## Instructions to follow:
Below are records that should be duplicated exactly, with no image retained.
START Dataset excerpts
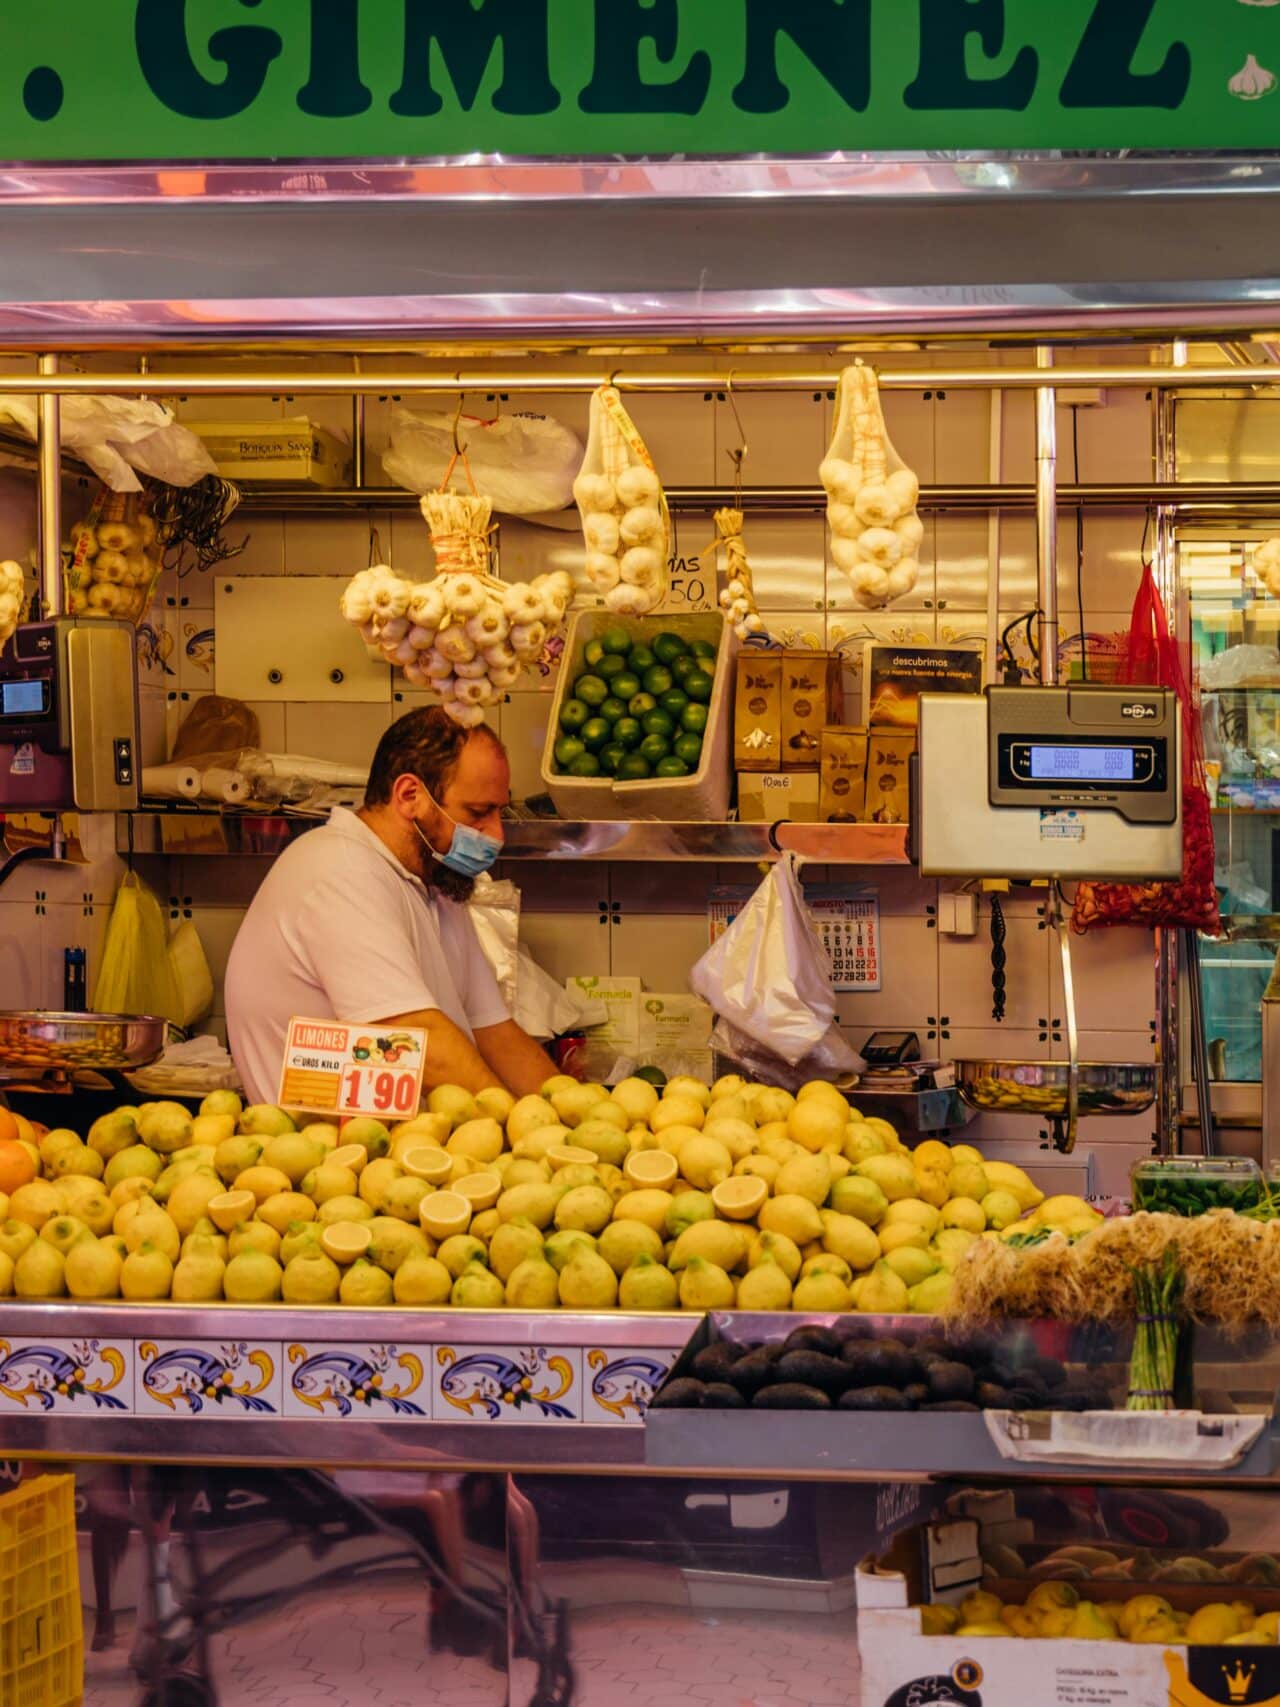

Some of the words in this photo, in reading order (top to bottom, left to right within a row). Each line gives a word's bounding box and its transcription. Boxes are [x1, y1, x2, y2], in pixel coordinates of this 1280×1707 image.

[135, 0, 1191, 120] GIMENEZ
[893, 656, 948, 667] descubrimos
[823, 936, 830, 946] 5
[835, 936, 841, 946] 6
[834, 948, 842, 957] 13
[845, 948, 853, 957] 14
[856, 947, 865, 957] 15
[867, 948, 876, 957] 16
[833, 960, 843, 969] 20
[845, 960, 854, 969] 21
[855, 960, 866, 969] 22
[867, 960, 877, 969] 23
[833, 971, 843, 981] 27
[844, 972, 855, 981] 28
[856, 971, 866, 981] 29
[867, 971, 877, 981] 30
[295, 1026, 347, 1049] LIMONES
[321, 1059, 340, 1070] KILO
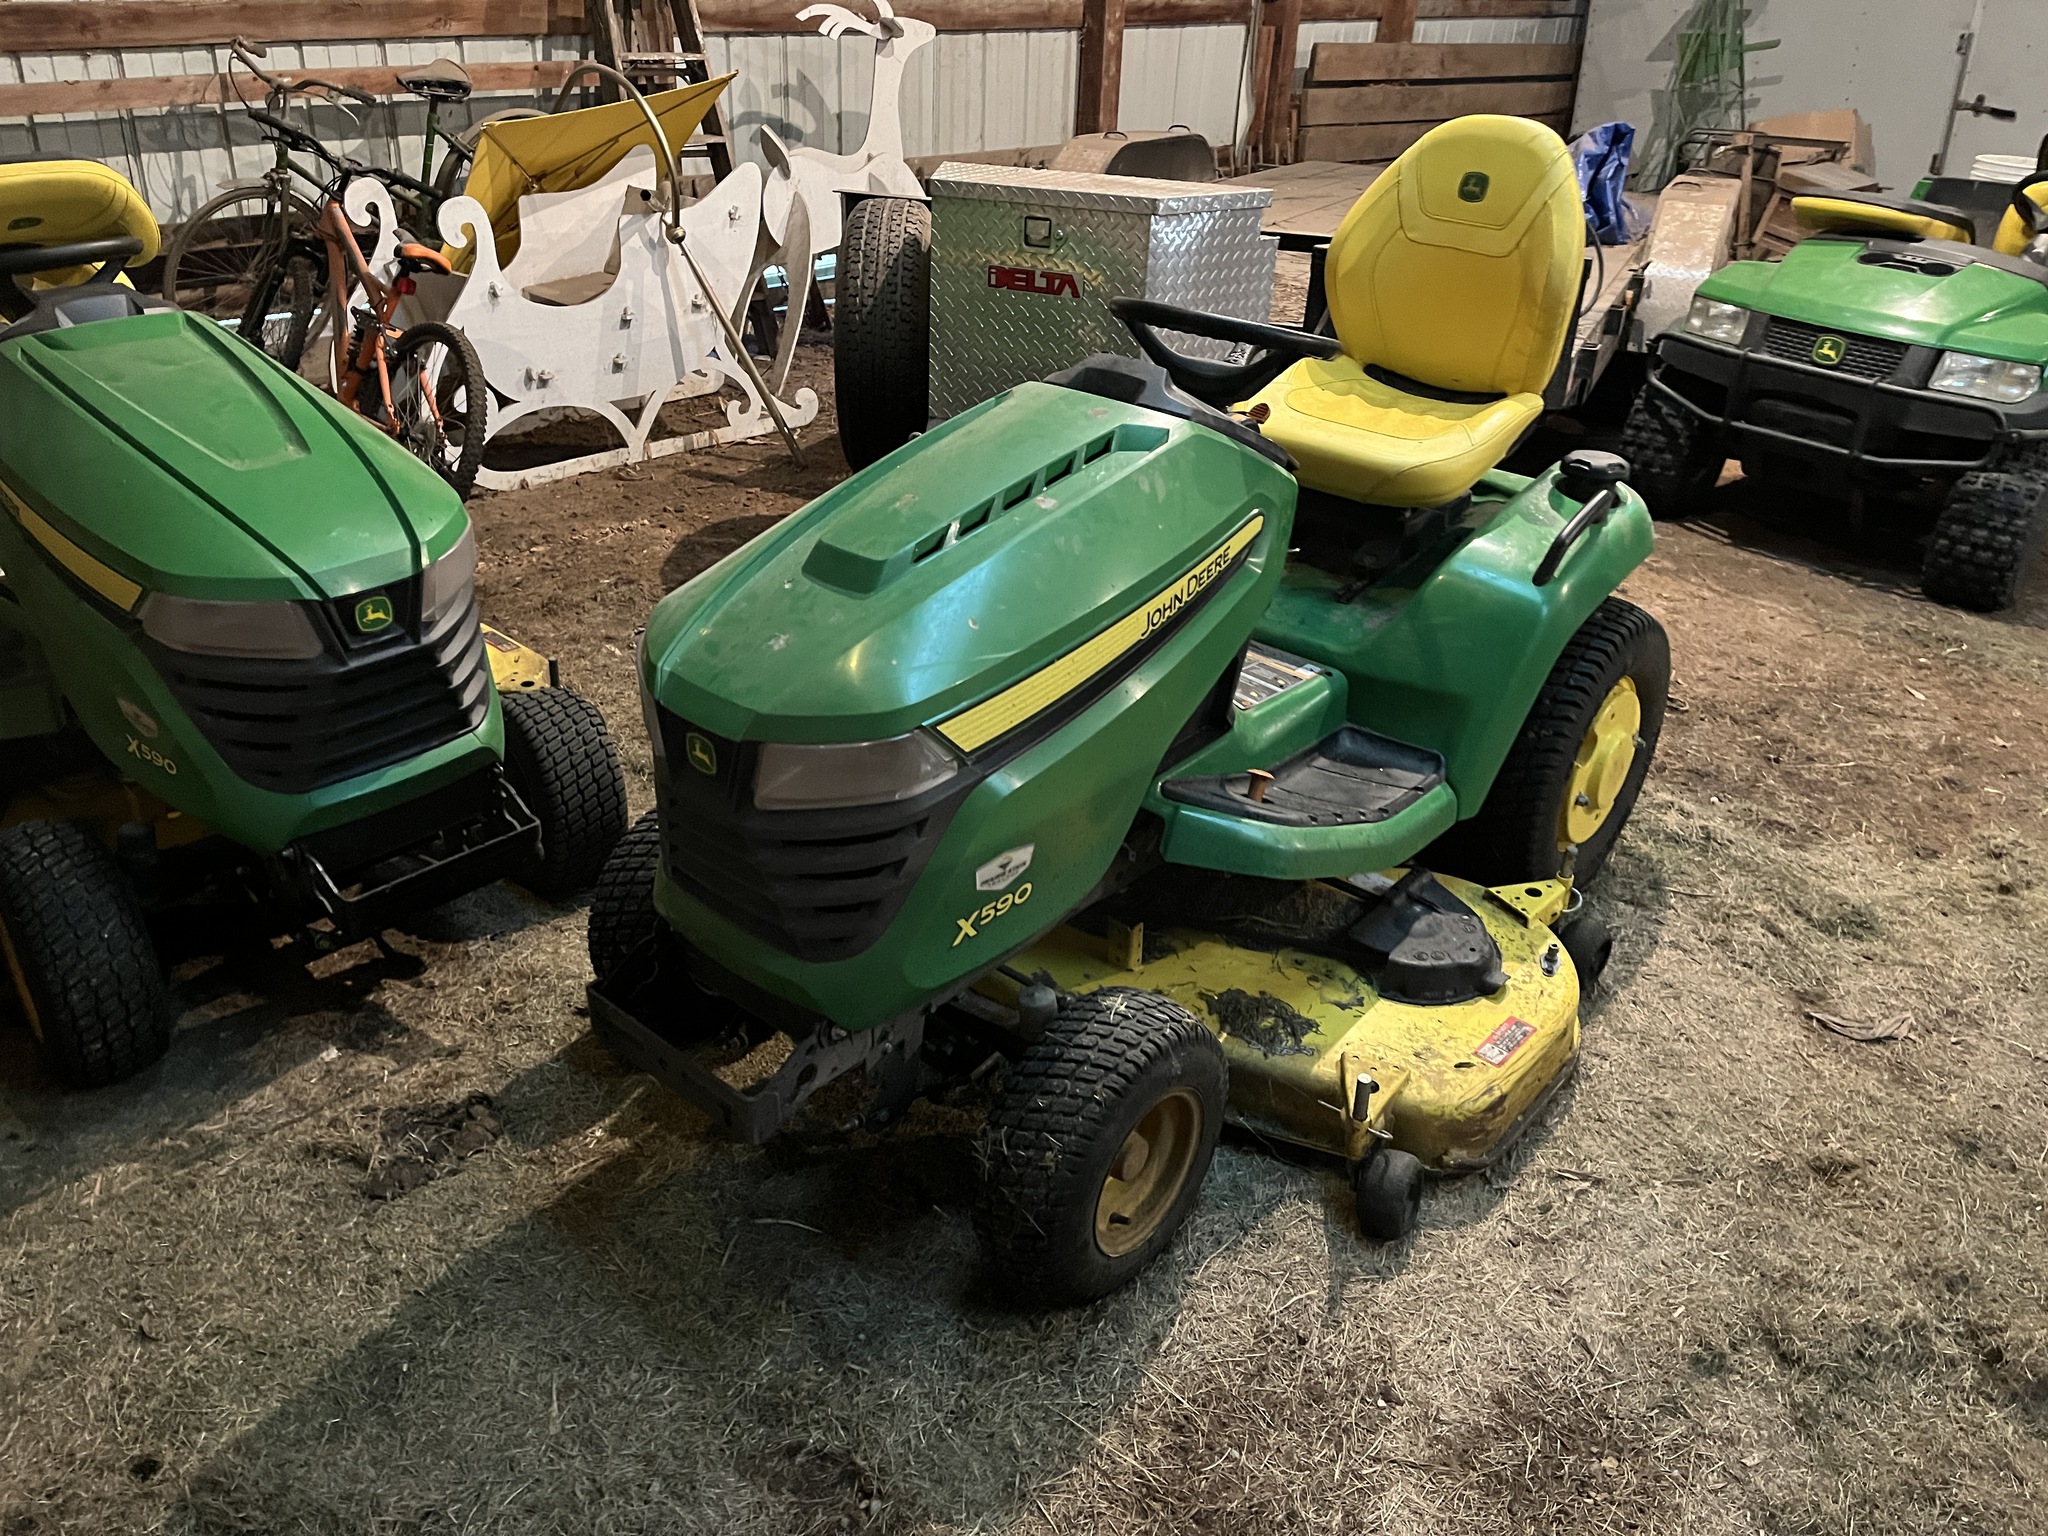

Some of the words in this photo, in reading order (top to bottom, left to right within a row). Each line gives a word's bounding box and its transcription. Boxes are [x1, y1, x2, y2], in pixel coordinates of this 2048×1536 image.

[988, 265, 1081, 299] DELTA
[1141, 585, 1184, 637] JOHN
[1186, 545, 1231, 599] DEERE
[125, 733, 177, 775] X590
[952, 882, 1033, 947] X590
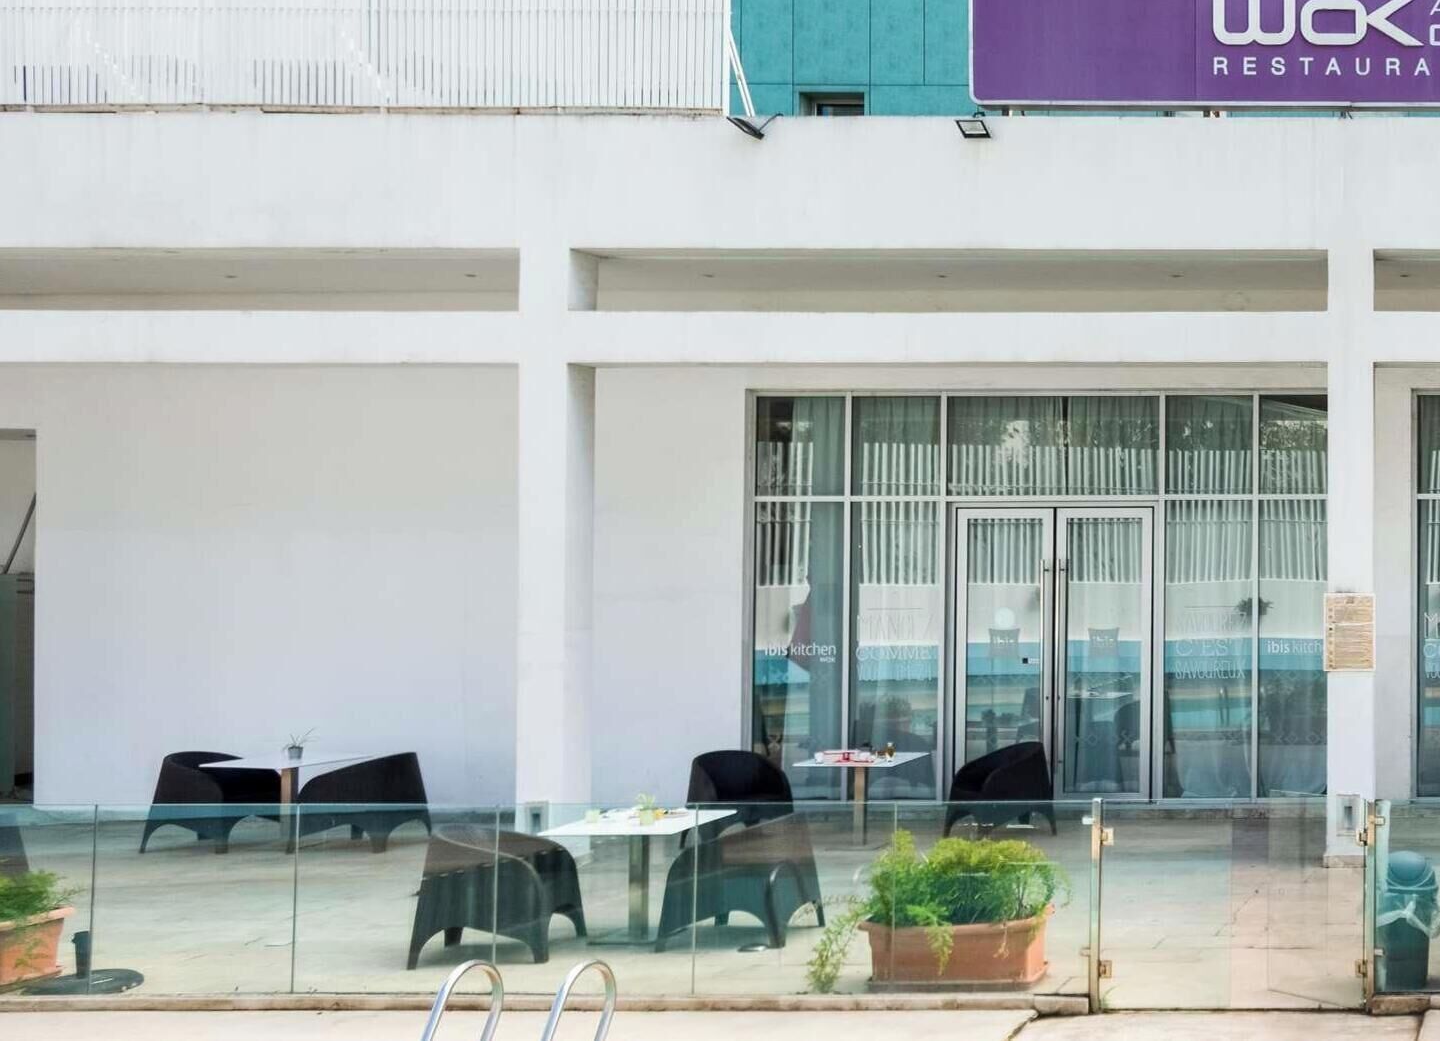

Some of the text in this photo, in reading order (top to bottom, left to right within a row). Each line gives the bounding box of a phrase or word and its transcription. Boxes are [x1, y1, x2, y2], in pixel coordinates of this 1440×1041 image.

[764, 642, 837, 656] ibis kitchen
[1267, 640, 1322, 654] ibis kitch
END Dataset excerpts
## Answer to this exercise:
Some of the words in this photo, in reading order (top to bottom, left to right within a row). Each line gives a word's bounding box and its transcription. Boxes are [x1, y1, x2, y2], in pixel coordinates of this 1280×1707 image.

[135, 0, 1191, 120] GIMENEZ
[893, 656, 948, 667] descubrimos
[823, 936, 830, 946] 5
[835, 936, 841, 946] 6
[834, 948, 842, 957] 13
[845, 948, 853, 957] 14
[856, 947, 865, 957] 15
[867, 948, 876, 957] 16
[833, 960, 843, 969] 20
[845, 960, 854, 969] 21
[855, 960, 866, 969] 22
[867, 960, 877, 969] 23
[833, 971, 843, 981] 27
[844, 972, 855, 981] 28
[856, 971, 866, 981] 29
[867, 971, 877, 981] 30
[295, 1026, 347, 1049] LIMONES
[321, 1059, 340, 1070] KILO

Some of the words in this photo, in reading order (top to bottom, left to right within a row). Each line gives a word's bounding box and its transcription. Boxes are [x1, y1, x2, y2], in pixel coordinates of this 2048×1536 image.

[988, 265, 1081, 299] DELTA
[1141, 585, 1184, 637] JOHN
[1186, 545, 1231, 599] DEERE
[125, 733, 177, 775] X590
[952, 882, 1033, 947] X590

Some of the text in this photo, in reading order (top to bottom, left to right within a row). Each line gives the bounding box of a phrase or word and its transcription. Boxes are [x1, y1, x2, y2], in pixel coordinates of this 1440×1041 image.

[764, 642, 837, 656] ibis kitchen
[1267, 640, 1322, 654] ibis kitch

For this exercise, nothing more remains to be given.